A collegue asked my help with a performance issue. He was trying to tune a query that ran on a 6 TB table. The query had to return rows for a couple of specific statusses and for that it should only return 143,000 rows. For this a function based index was created with the following function:
DECODE(pt.STATUS, 'Awaiting', 'Awaiting','OnHold','OnHold',NULL)
But the optimizer refused to use the index. Instead it did a full table scan on another large table (400 GB), and the whole thing took hours. But with an index hint the response time was a matter of seconds.
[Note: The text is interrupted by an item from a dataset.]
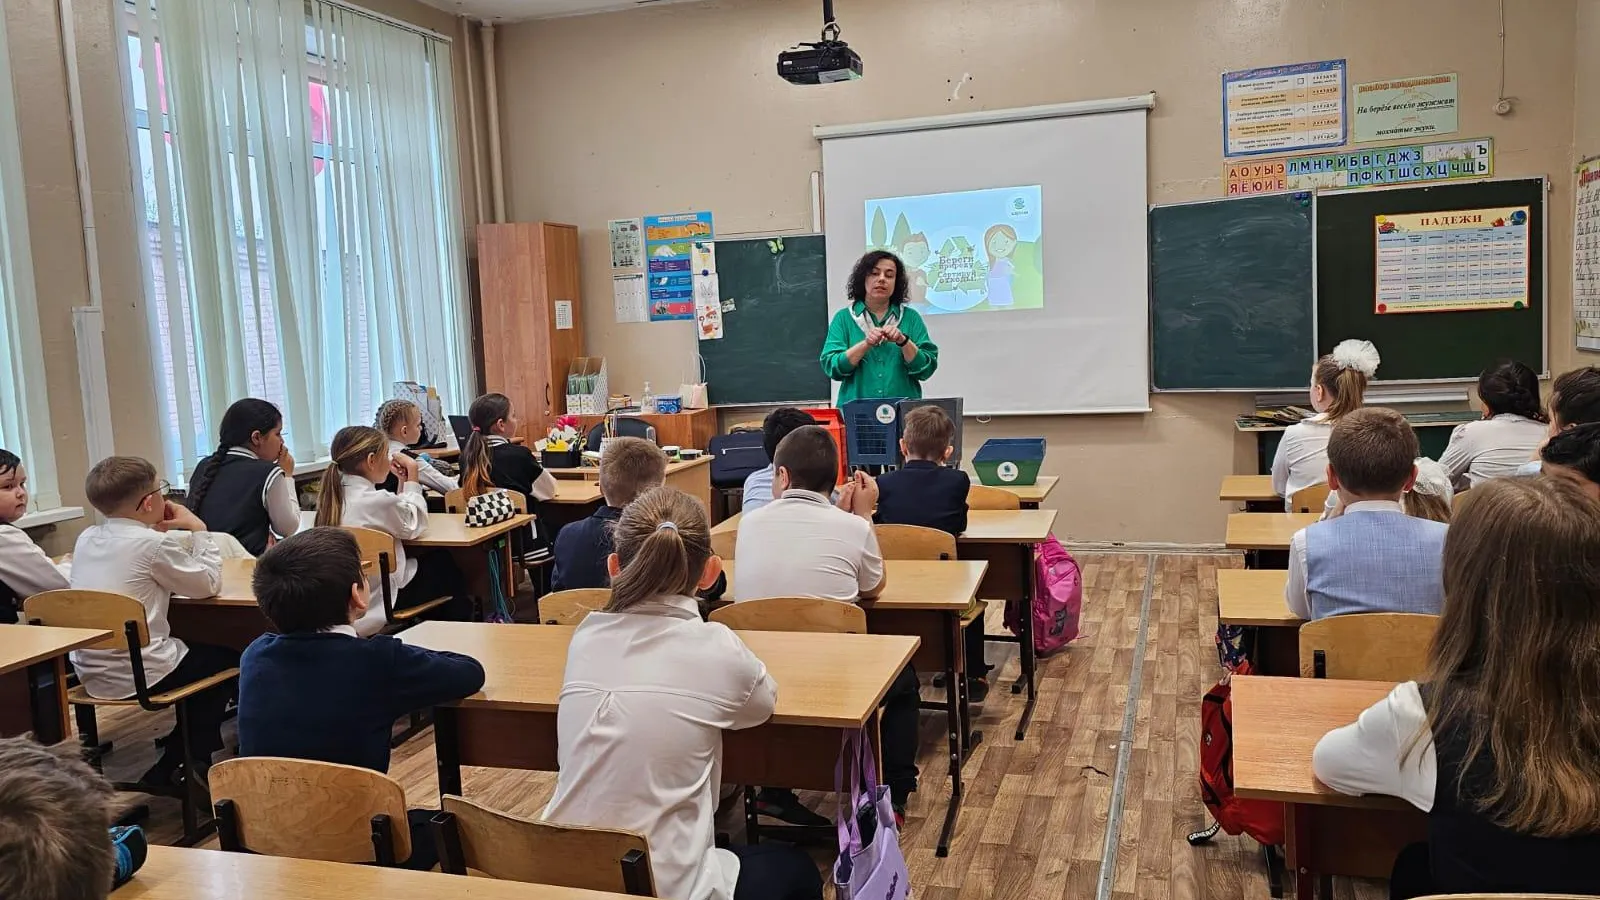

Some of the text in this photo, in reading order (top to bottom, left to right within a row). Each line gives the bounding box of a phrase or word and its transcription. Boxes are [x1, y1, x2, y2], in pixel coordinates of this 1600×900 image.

My collegue already prepared an event 10053 trace for the query without a hint and I did one for the one with a hint. I used BeyondCompare 3 to see where differences were. This was a part of the trace of the unhinted execution plan where Oracle determined the access path of the 400 GB table:
Access Path: TableScan
Cost: 4850857.52 Resp: 4850857.52 Degree: 0
Cost_io: 4821117.00 Cost_cpu: 264001190158
Resp_io: 4821117.00 Resp_cpu: 264001190158
****** trying bitmap/domain indexes ******
****** finished trying bitmap/domain indexes ******
Best:: AccessPath: TableScan
Cost: 4850857.52 Degree: 1 Resp: 4850857.52 Card: 849590.75 Bytes: 0
And here is the same part for the hinted query:
Access Path: index (FullScan)
Index: I_INSTR_PK_INSTRKEY
resc_io: 88744279.00 resc_cpu: 1419200639011
ix_sel: 1.000000 ix_sel_with_filters: 1.000000
Cost: 88904156.20 Resp: 24695598.94 Degree: 4
Best:: AccessPath: IndexRange
Index: I_INSTR_PK_INSTRKEY
Cost: 88904156.20 Degree: 4 Resp: 24695598.94 Card: 849590.75 Bytes: 0
Well, one thing that I noticed, was that calculated cost of the function based index was for some reason about twice as high as the full table scan.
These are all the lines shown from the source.